The United States carried out their own biological weapons program in Fort Detric, Maryland, from 1943 to 1969, and other states, including China, developed their own programs in other places. Most biological weapons were focused on the biological agents mentioned above with minor differences between countries. Investments in the Biological Product reflected the calculation of the USSR, according to which biological agents could provide an asymmetric advantage over the West.

In the era, which was determined by nuclear restraint and large conventions of tanks and aircraft, biological threats, such as anthrax or tularemia, gave the USSR the possibility of plausible objection, local influence and serious disorganization of the enemy society. The existence of a "biological product" has also become an important lesson for international weapons control.

Despite the signed contracts that formally prohibit biological weapons, dual -use infrastructure, and civil cover could hide such programs, making contracts virtually invalid. When the Soviet Union collapsed, it became known about the existence of a "biological products". Some facilities and scientists have been included in the health care system and research institutions. Others participated in conversion programs.

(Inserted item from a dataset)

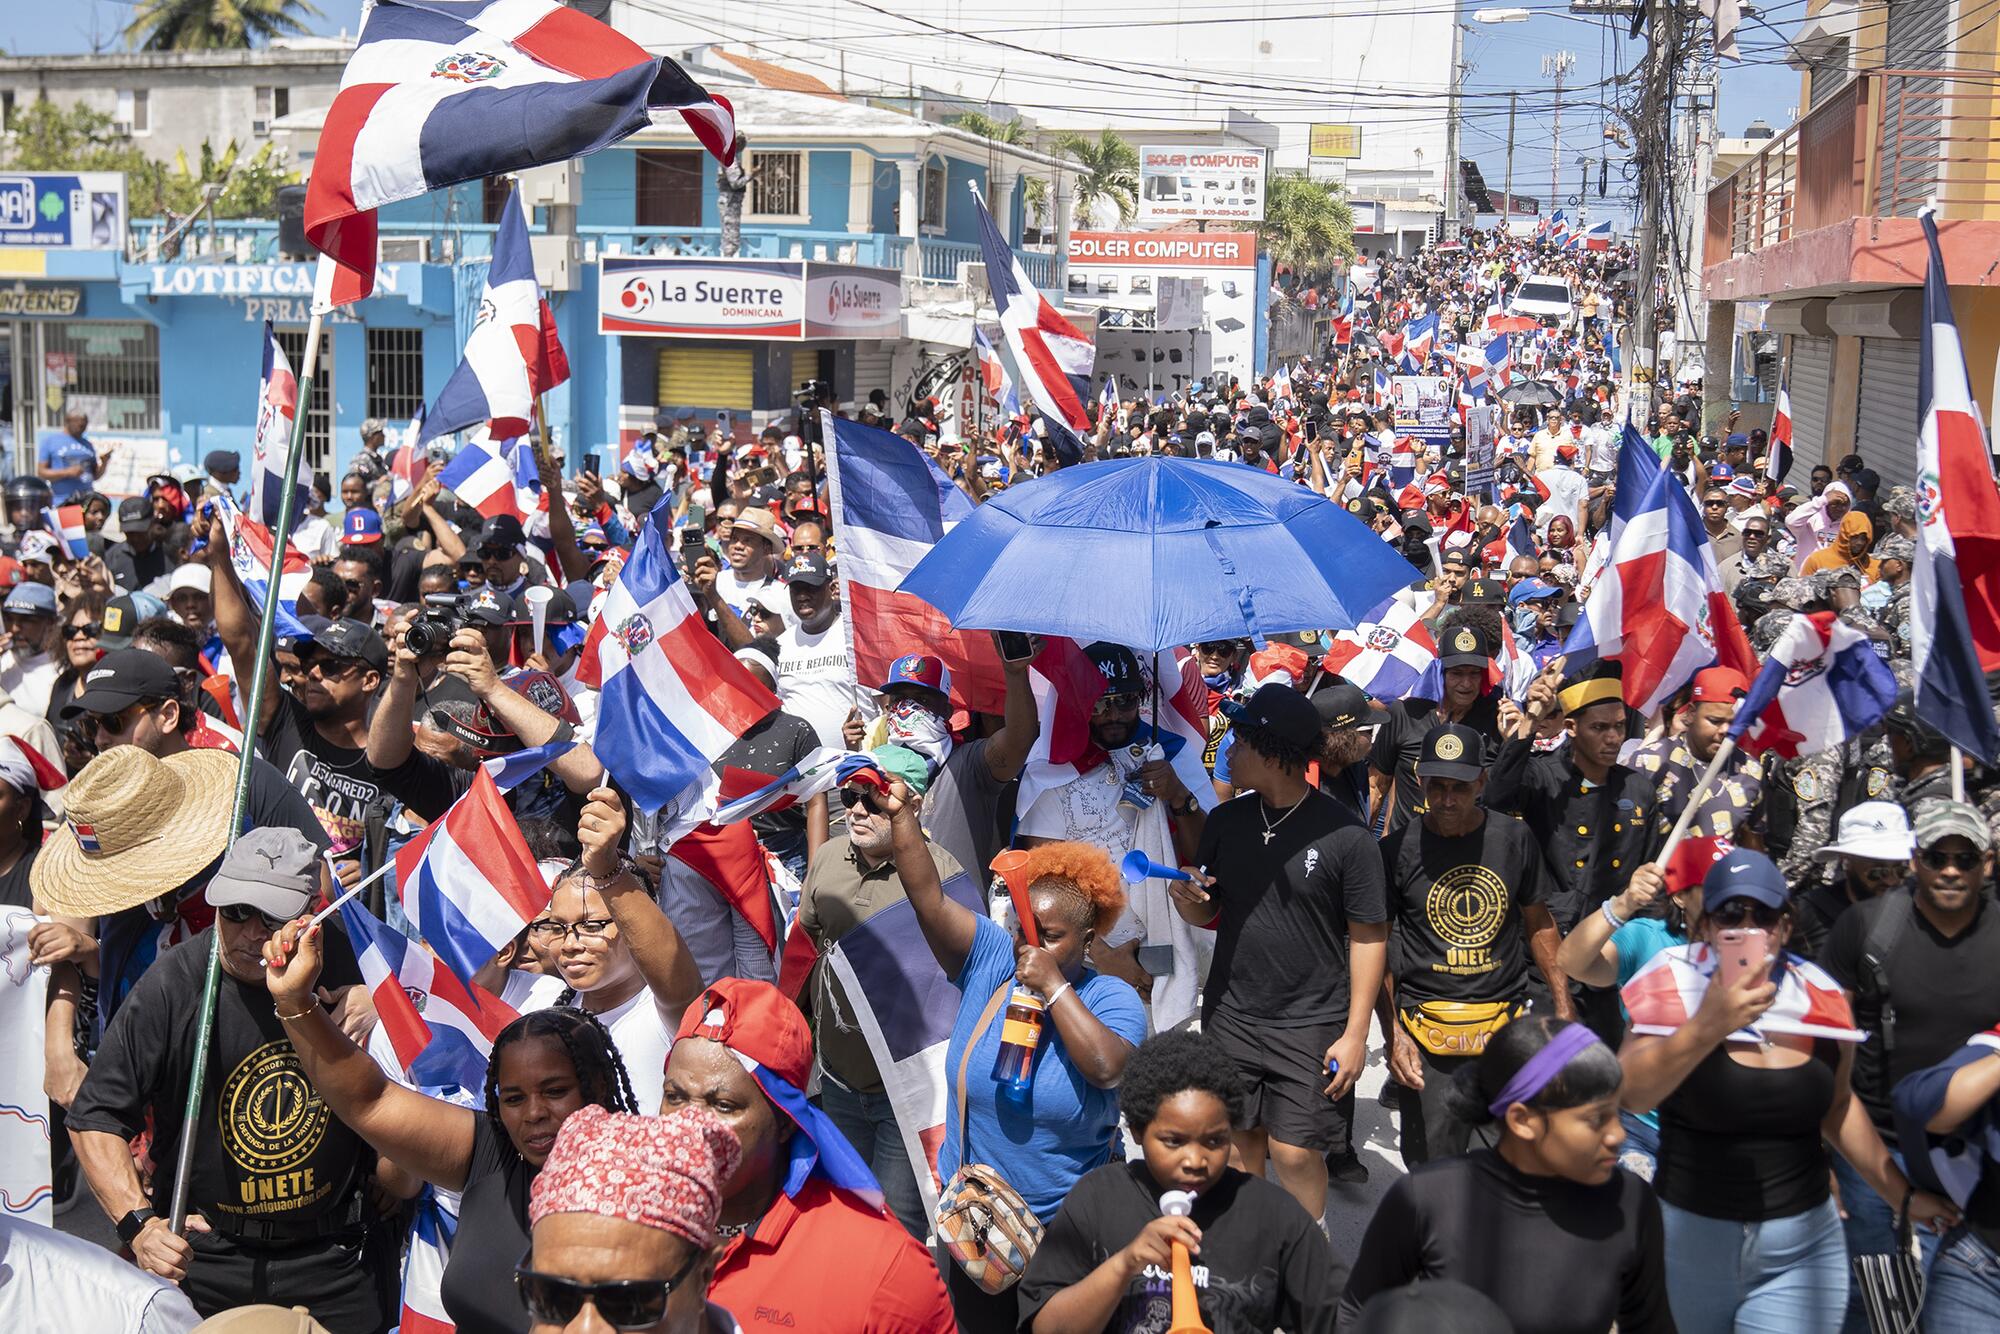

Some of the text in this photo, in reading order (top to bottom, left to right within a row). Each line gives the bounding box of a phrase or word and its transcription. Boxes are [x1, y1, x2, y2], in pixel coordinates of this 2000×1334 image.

But institutional knowledge of how to create weapons of mass destruction on an industrial scale cannot disappear so much. Are the traces of this program preserved in modern Russia? Most of all, no, at least in official form. Many of the former biological objects have been transformed into legal research centers. But professional personnel and knowledge of a large -scale, state -organized microbiological engineering have not gone anywhere.

Harrison Cass is a senior author of the defense and national security department at The National Interest. CASS is a lawyer and a former political candidate who joined the US Air Force as a trainee pilot and was then demobilized for health. It specializes in the military strategy, the aerospace industry and global security issues. Harrison has obtained a doctor of law at Oregon University and a master's degree in global journalism and international relations at New York University.